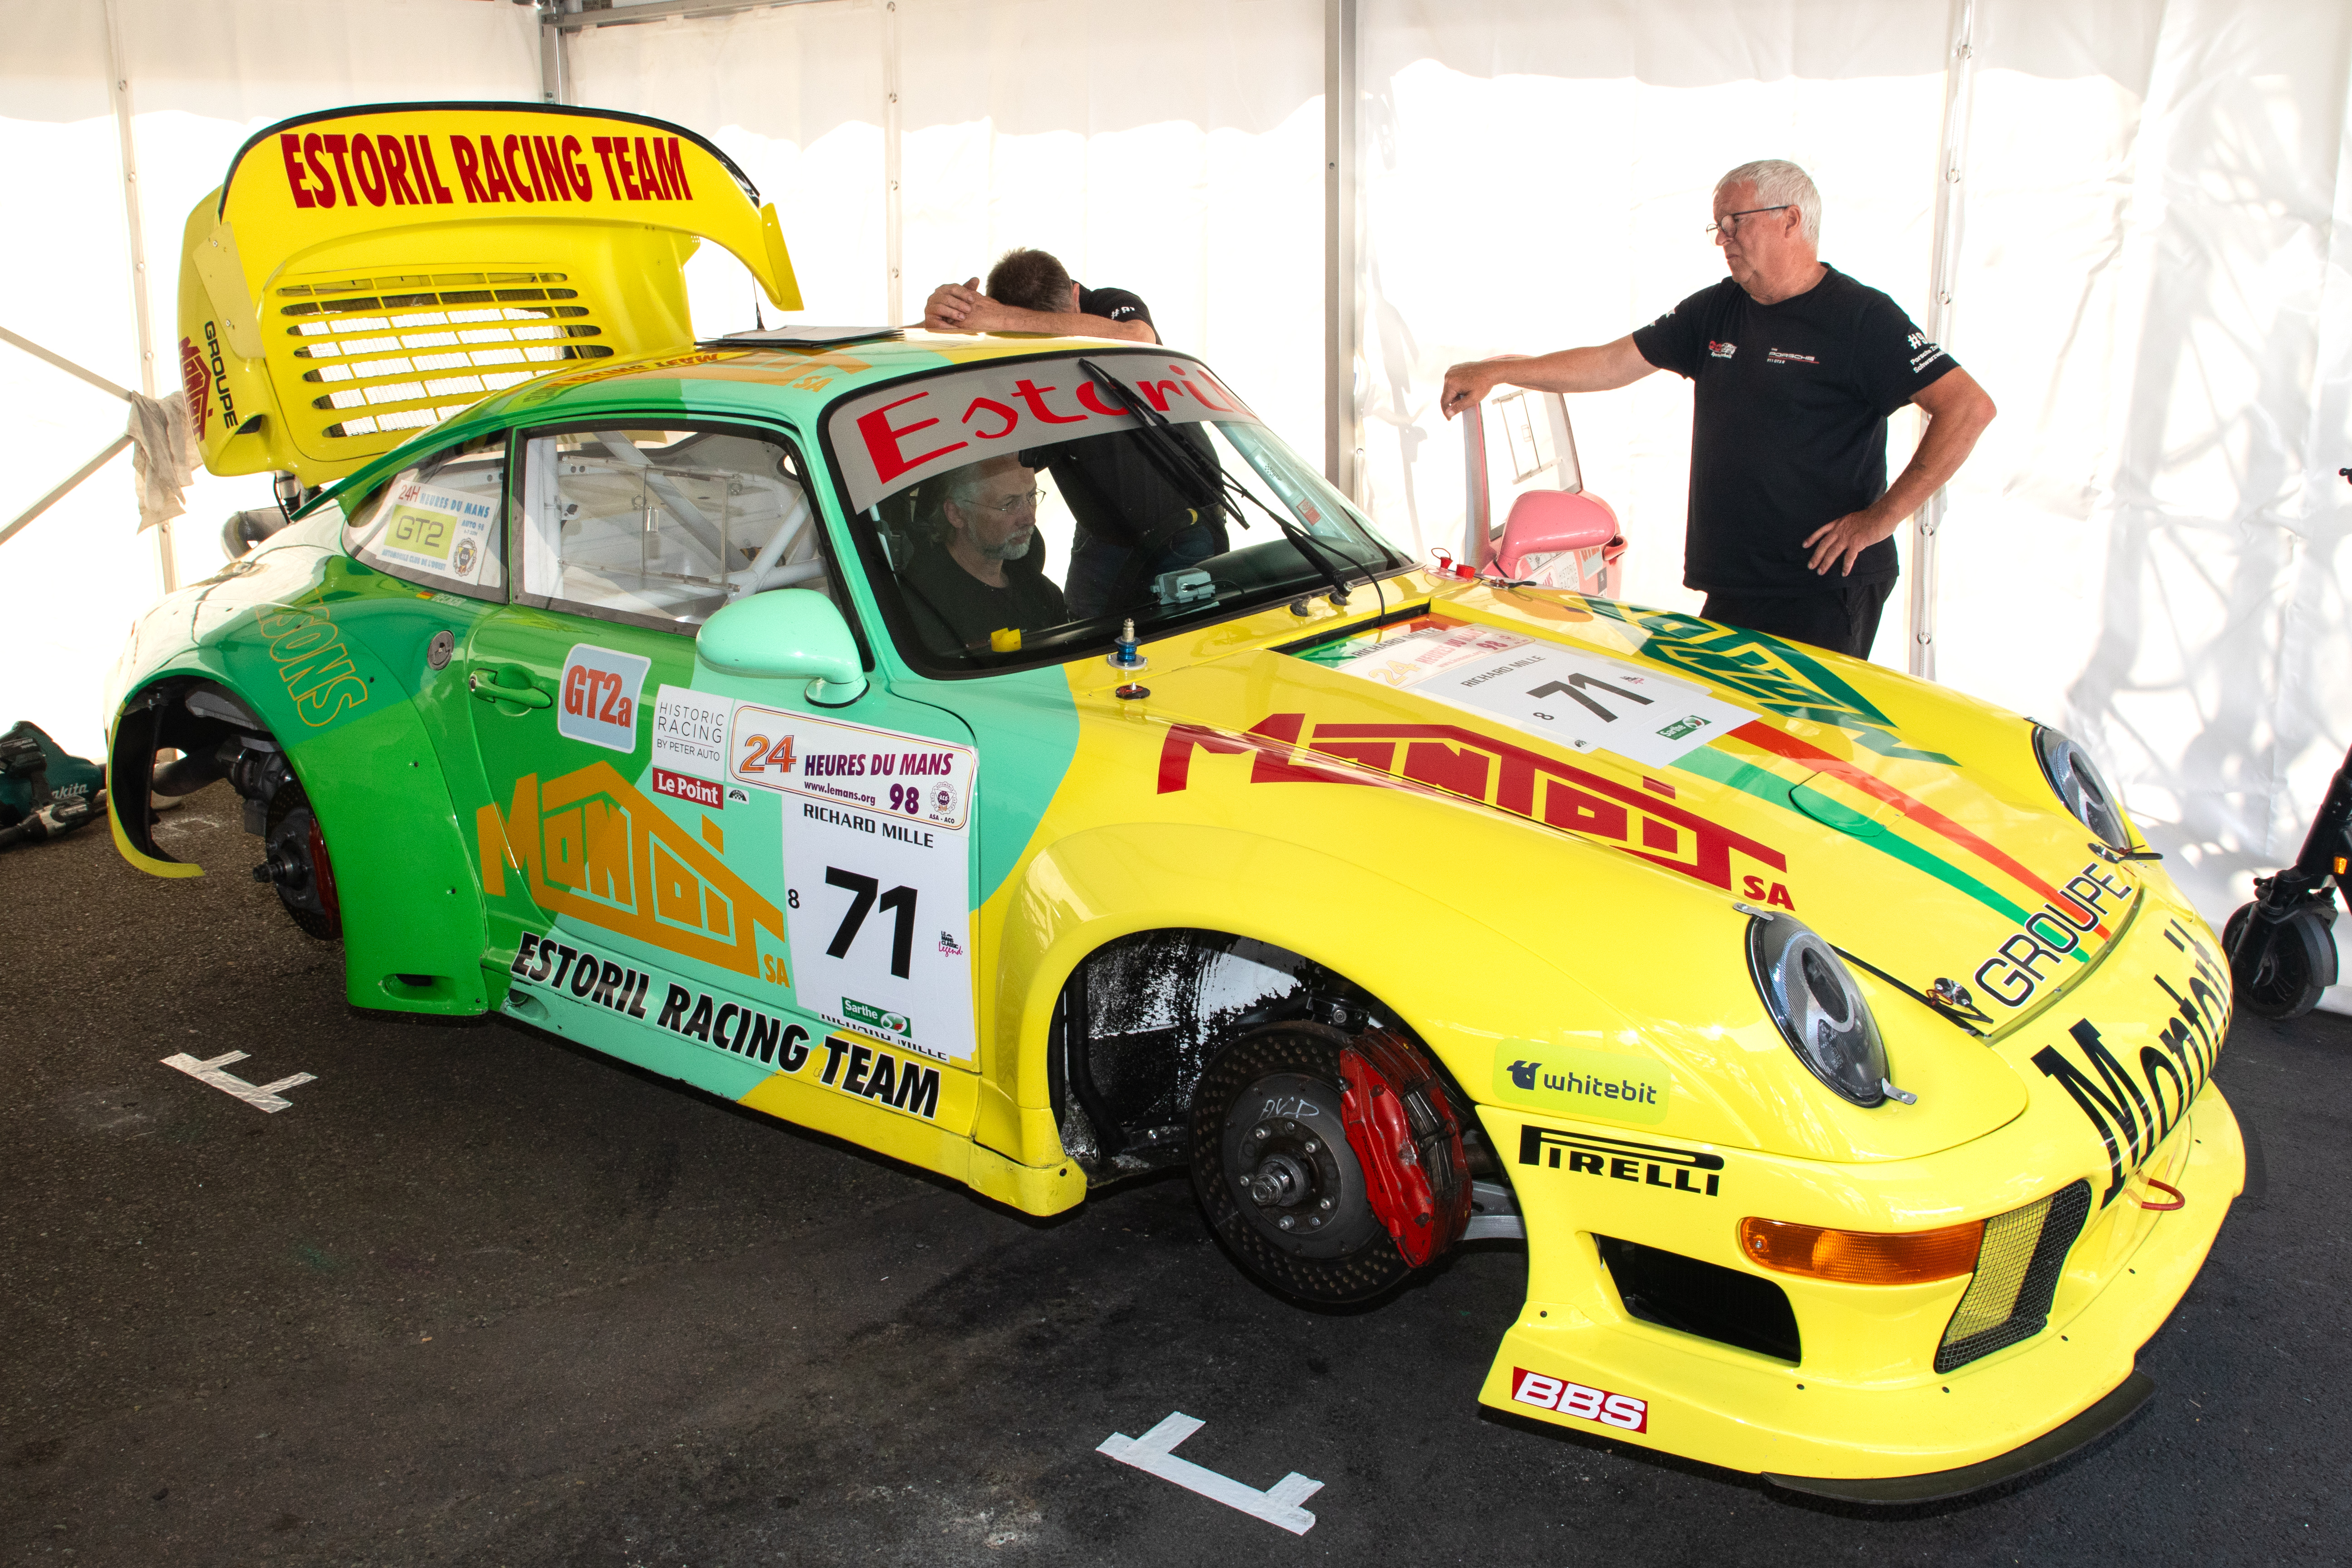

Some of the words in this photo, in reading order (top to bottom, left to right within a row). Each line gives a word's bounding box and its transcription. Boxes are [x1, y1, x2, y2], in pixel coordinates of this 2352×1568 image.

[280, 132, 453, 208] ESTORIL
[450, 134, 593, 203] RACING
[594, 136, 693, 201] TEAM
[1769, 352, 1815, 362] PORSCHE
[1910, 349, 1932, 365] Porsche
[205, 320, 239, 429] GROUPE
[856, 364, 1259, 484] Estoril
[398, 485, 421, 502] 24H
[420, 493, 449, 509] HEURES
[450, 500, 463, 512] DU
[464, 502, 490, 518] MANS
[396, 515, 444, 548] GT2
[1351, 637, 1408, 657] RICHARD
[1407, 627, 1442, 643] MILLE
[1443, 638, 1467, 648] DU
[1476, 640, 1509, 651] 98
[1368, 660, 1421, 686] 24
[1460, 666, 1514, 687] RICHARD
[1510, 655, 1547, 669] MILLE
[564, 665, 632, 728] GT2a
[1525, 672, 1655, 723] 71
[658, 716, 722, 743] RACING
[660, 702, 725, 726] HISTORIC
[1533, 712, 1555, 720] 8
[1660, 725, 1686, 736] Sarthe
[657, 739, 667, 749] BY
[669, 741, 695, 755] PETER
[697, 748, 720, 761] AUTO
[740, 735, 797, 774] 24
[804, 754, 867, 776] HEURES
[870, 754, 896, 776] DU
[899, 753, 954, 776] MANS
[51, 782, 89, 799] akita
[658, 773, 675, 793] Le
[677, 781, 718, 805] Point
[804, 781, 876, 806] www.lemans.org
[889, 783, 920, 815] 98
[804, 803, 875, 834] RICHARD
[882, 822, 934, 848] MILLE
[788, 887, 801, 910] 8
[1742, 874, 1796, 912] SA
[825, 865, 918, 980] 71
[1974, 862, 2132, 1008] GROUPE
[939, 941, 962, 957] Legend
[763, 953, 790, 988] SA
[845, 1000, 878, 1019] Sarthe
[510, 931, 650, 1020] ESTORIL
[657, 982, 810, 1074] RACING
[819, 1034, 942, 1121] TEAM
[2030, 917, 2231, 1210] Montoit
[1544, 1072, 1657, 1105] whitebit
[1362, 1136, 1385, 1193] PORSCHE
[1519, 1124, 1725, 1196] PIRELLI
[1514, 1372, 1646, 1430] BBS

· · ·

Assignment: Go through the listing above and return each line that includes the word "GROUPE".

Answer section:
[205, 320, 239, 429] GROUPE
[1974, 862, 2132, 1008] GROUPE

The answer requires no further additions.